BMW had previously used water injection on its BMW 801 aircraft engine using the MW-50 methanol-water system for low altitude boost with the addition of GM-1 nitrous oxide system for high altitude performance. The BMW M4 GTS was featured in the 2015 MotoGP season as the official safety car for the series and was released for the commercial market in 2016. By the mid 2020s, engine development was shifted focus also on improved fuel consumption, due to the pressure on emissions reduction and related regulations.

=== Bosch ===
Co-developed with BMW, Bosch offers water injection systems named WaterBoost for all manufacturers. Bosch has a heritage of water injection with BMW as early as 1942. First appeared in the BMW 801D in 1942, it never went into production because the cylinder heads developed micro-cracks when MW50 was used. Instead, the Daimler-Benz DB 605 engined later versions of the Messerschmitt Bf 109 were fitted with an MW 50 injection system, beginning in early 1944. Today Bosch claims up to 5% increase in engine performance, up to 4% decrease in emissions and up to 13% improvement in fuel economy.

Water injection and cooled exhaust gas recirculation (EGR) could be seen as competitive technologies. It has been demonstrated that at medium load, a 40-50 % water-to-fuel ratio with port water injection has the same effect as an EGR-rate of 10%, which is seen as relatively limited, even for petrol engines.

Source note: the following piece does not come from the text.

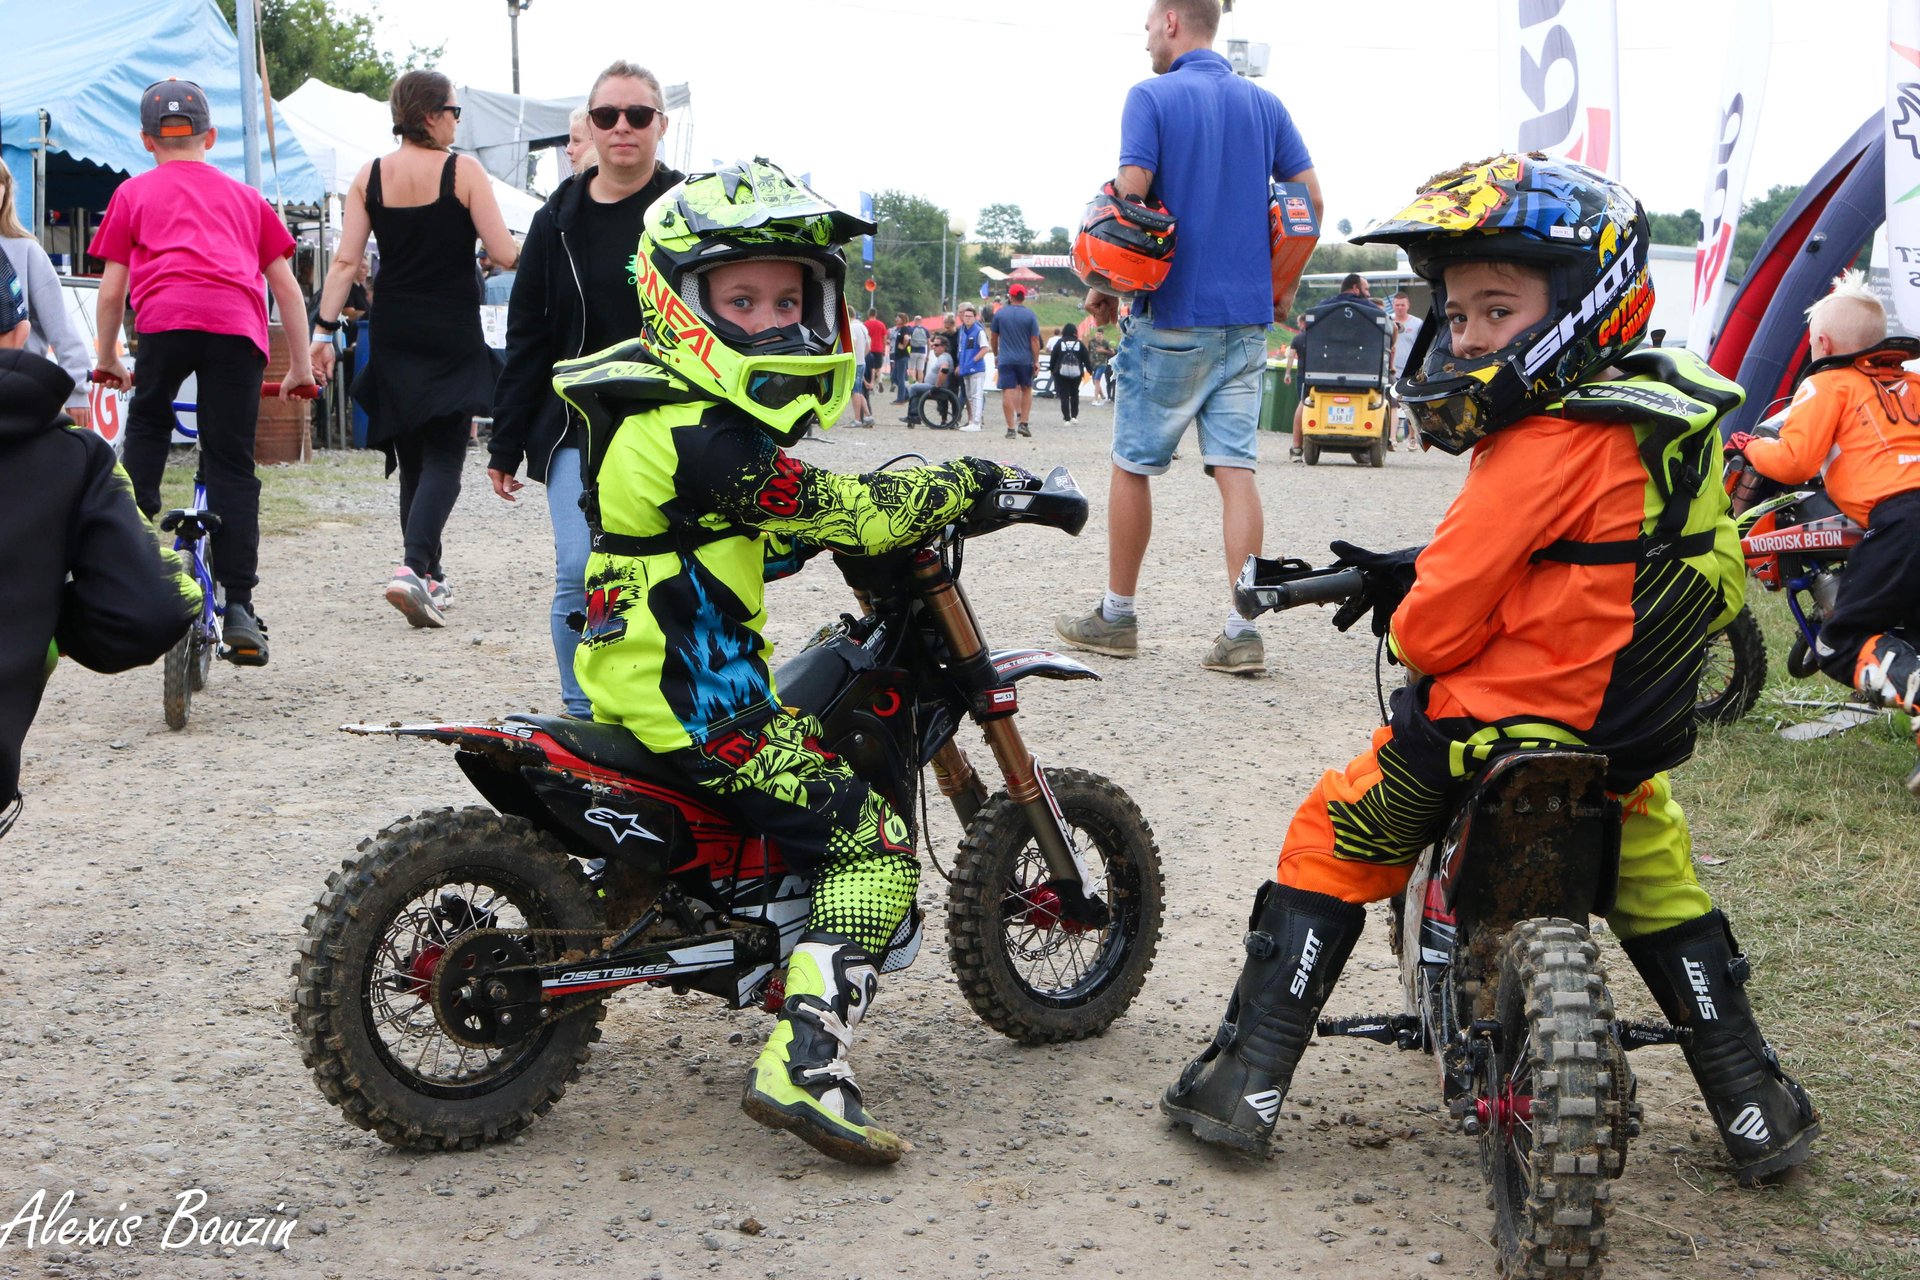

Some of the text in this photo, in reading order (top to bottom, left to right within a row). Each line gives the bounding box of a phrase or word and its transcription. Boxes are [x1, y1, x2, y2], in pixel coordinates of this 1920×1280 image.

=== On-board water generation ===
Surveys asking customers about their willingness to regularly fill up an additional operating fluid have demonstrated that the acceptance level is limited. Therefore, the need for refilling is considered as one of the main barrier for the mass adoption of water injection. A key enabler is the development of on-board water generation system to run in a closed loop system, especially in order to guarantee consistent low level of emissions (engine emissions will be raised if the water supply is exhausted). Three major sources can be investigated:

- Harvesting air humidity from ambient (e.g. by A/C condensate)
- Surface water (e.g. rain water collected from vehicle body)
- Exhaust gas condensate

The first two variants are highly dependent on weather ambient conditions with sufficiently high humidity levels or driver habits (no A/C operation wanted). Consequently, an adequate supply of water cannot be ensured. In contrast, condensing of water vapour formed during the combustion of petrol is a reliable source of water: there is approximately 1 litre of water vapour in exhaust per each litre of petrol consumed. In October 2019, Hanon Systems together with FEV presented an Audi TT Sport demonstrator equipped with water injection operating as a closed system thanks to a Hanon Systems "Water Harvesting System".

==Use in diesel==
A 2016 study combined water injection with exhaust gas recirculation. Water was injected into the exhaust manifold of a diesel engine and, by opening the exhaust valve during the induction stroke, the injected water and some of the exhaust gas was drawn back into the cylinder. The effect was up to 85% reduction in emissions and also significant reduction in soot emissions.